Discussion in 'Dog Behavior Problems' started by MrJones, Jan 28, 2012.

  1. MrJones New Member

    I'm really torn at the mo and would really appreciate some advice from those with simular experiences.
    My parner and I took on a male staffy mix from friends of friends. He's about 6 or 7 years old and generally healthy, quite a softy, and very playful and friendly and loves kids. However, we don't know his background and recently, weve had a couple of experiences where he's got aggressive around loud aggressive, especially drunken people. I'd like to be comfortable with the fact he's very protective of us but the other day, the father in law fell against our kitchen shelves making a big crash bang wallop, sending glasses and mugs crashing, and the dog got very aggressive and nipped his hand bad enough to cause some bleeding.
    My partner seems to think castration will solve this show of aggression but personally I believe it's more of a learnt behaviour from previous owners... There was a good chance he witnessed some drunken domestic abuse from the previous families dad, and protected the wife and kids.

    So... Is it worth castrating him? Is it likely to reduce this protective behaviour of his owners? would it change his personality?

  2. tigerlily46514 Honored Member

    I think all dogs should be spayed or neutered, as we have such a SEVERE dog overpopulation crisis in the USA, and most other countries as well. In USA, about 17,000 dogs are put to death each DAY,
    yes, that's right, i said each "day"..........
    for the crime of having been born....just wayyyyyyyy too many dogs out there.

    One lil brief escape from your yard, your dog could create a litter of dogs that someone else has to find homes for........within a few generations,
    that one "whoopsie" can add 100s of extra dogs into the world,
    and each of those dogs, can, in turn, create 100s more, it increases exponentially from there.....
    all competing for the available humans......

    and the end of the line for all these "extra" dogs is a reeeeeal heartbreaker of an ending. The shelters can't afford to feed them all.

    But neutering or spaying does not impact a dog's aggression. I have an aggressive dog, he was neutered,
    and now,
    he is an aggressive dog who can not add to the severe dog overpopulation crisis.
  3. tigerlily46514 Honored Member

    BUT the good news is,
    you CAN help your new dog become more confident.
    and GOOD ON YOU for helping out a dog in need, too!:)

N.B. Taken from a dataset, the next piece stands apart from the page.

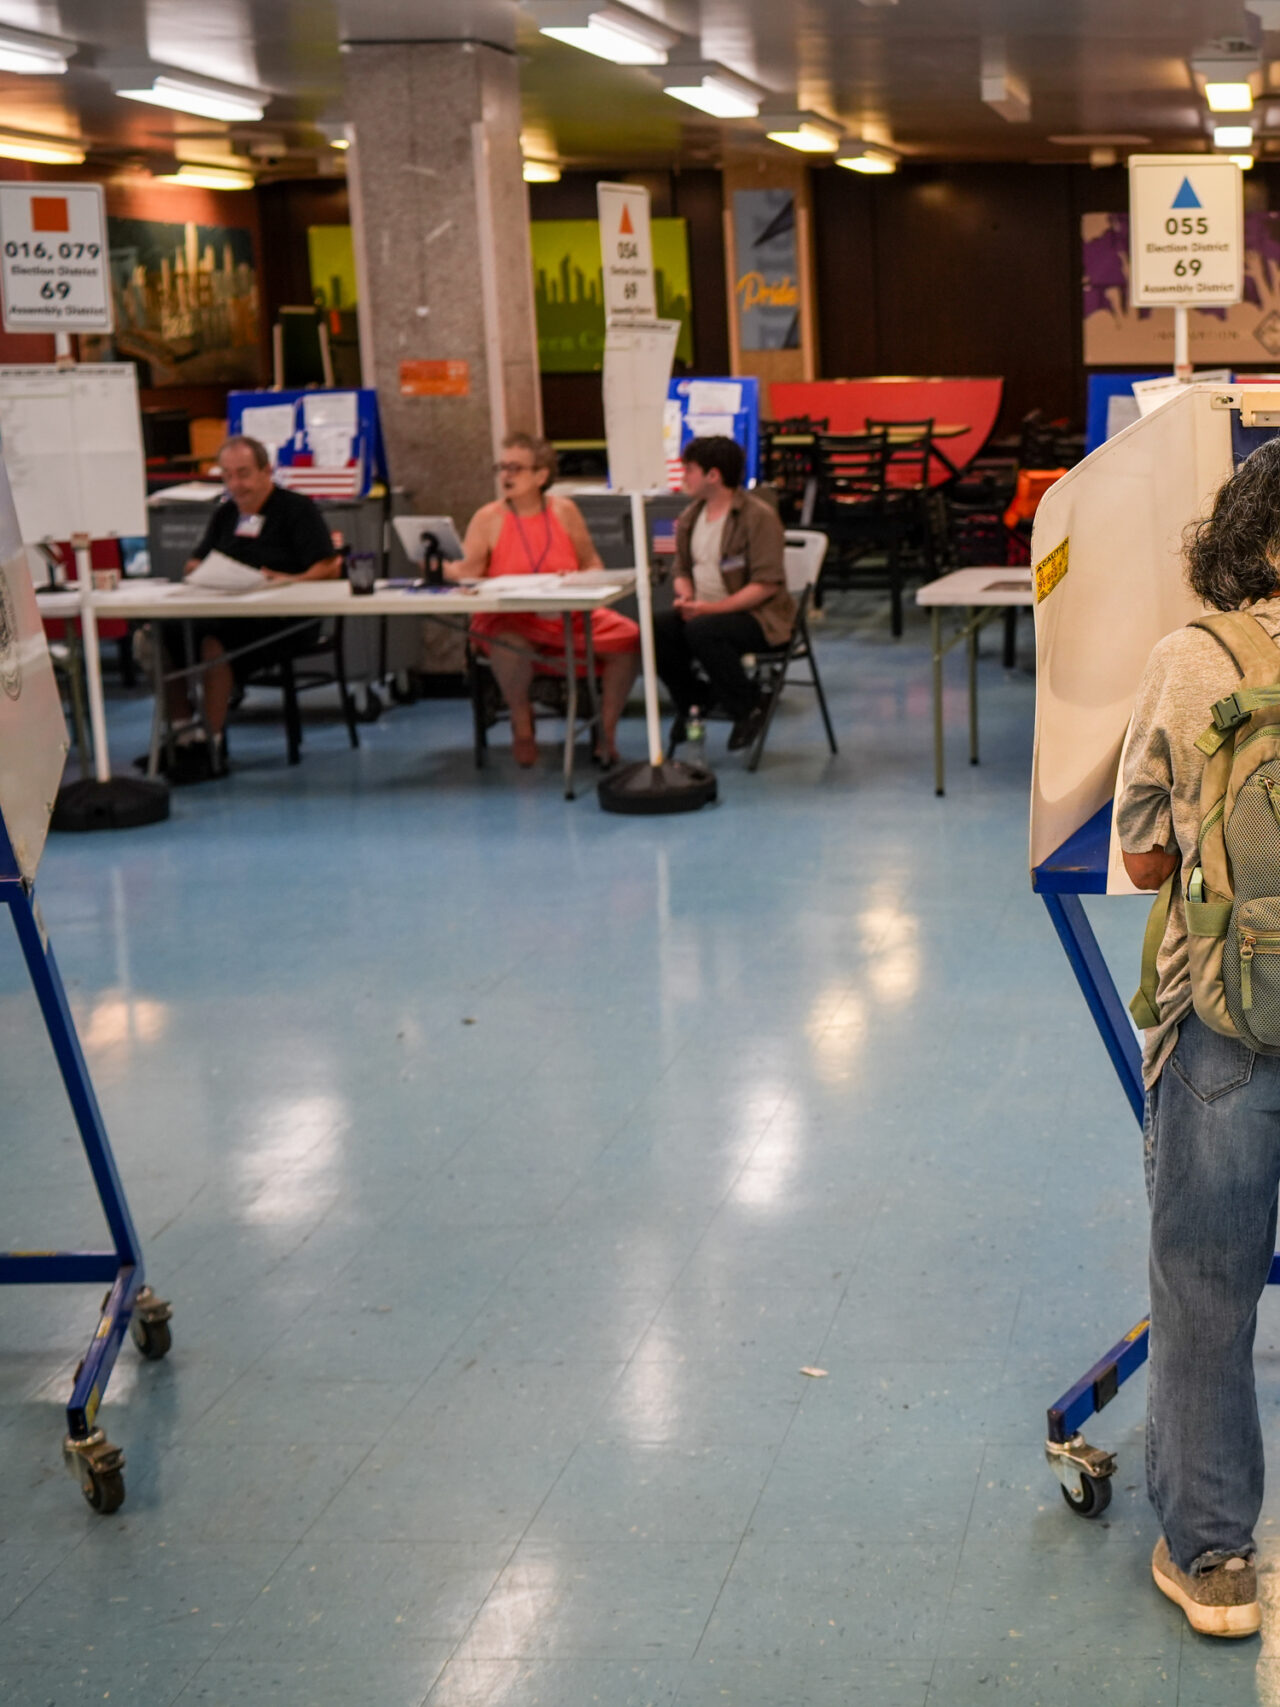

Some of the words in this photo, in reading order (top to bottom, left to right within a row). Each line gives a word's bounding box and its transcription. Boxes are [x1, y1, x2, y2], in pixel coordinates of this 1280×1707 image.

[1165, 217, 1208, 235] 055
[1174, 259, 1202, 276] 69
[40, 281, 71, 300] 69

    HOW LONG HAVE YOU HAD THIS DOG IN YOUR HOME???
    Whether or not the human detects it, most newly rehomed adult dogs are a bit tense to be in new home, even a peaceful, quiet new home.....most newly rehomed adult dogs are a bit overwhelmed by all the new smells, new ppl, new sounds, new rules, etc etc. It takes many adult dogs a week or two or three to decide they are fully safe in their new home,
    and that all of you are trustable.

    Most dogs will become frightened by a loud human knocking over shelves and dishes and falling over. Many dogs, when frightened, may bite, in their overexcitement.
    That, in and of itself, does not necessarily indicate the dog has an aggression problem, imo. ONe isolated incident, with a frightened dog biting someone while everything is loud and crashing around, may have been a fluke thing.
    Unsettling, yes, maybe this dog is aggressive, but, it *sounds like* an extreme moment, which might frighten or severely startle many dogs. No doubt, your dog had NO IDEA what all was going on there, with the loudness and noises and sudden startling motions, etc etc.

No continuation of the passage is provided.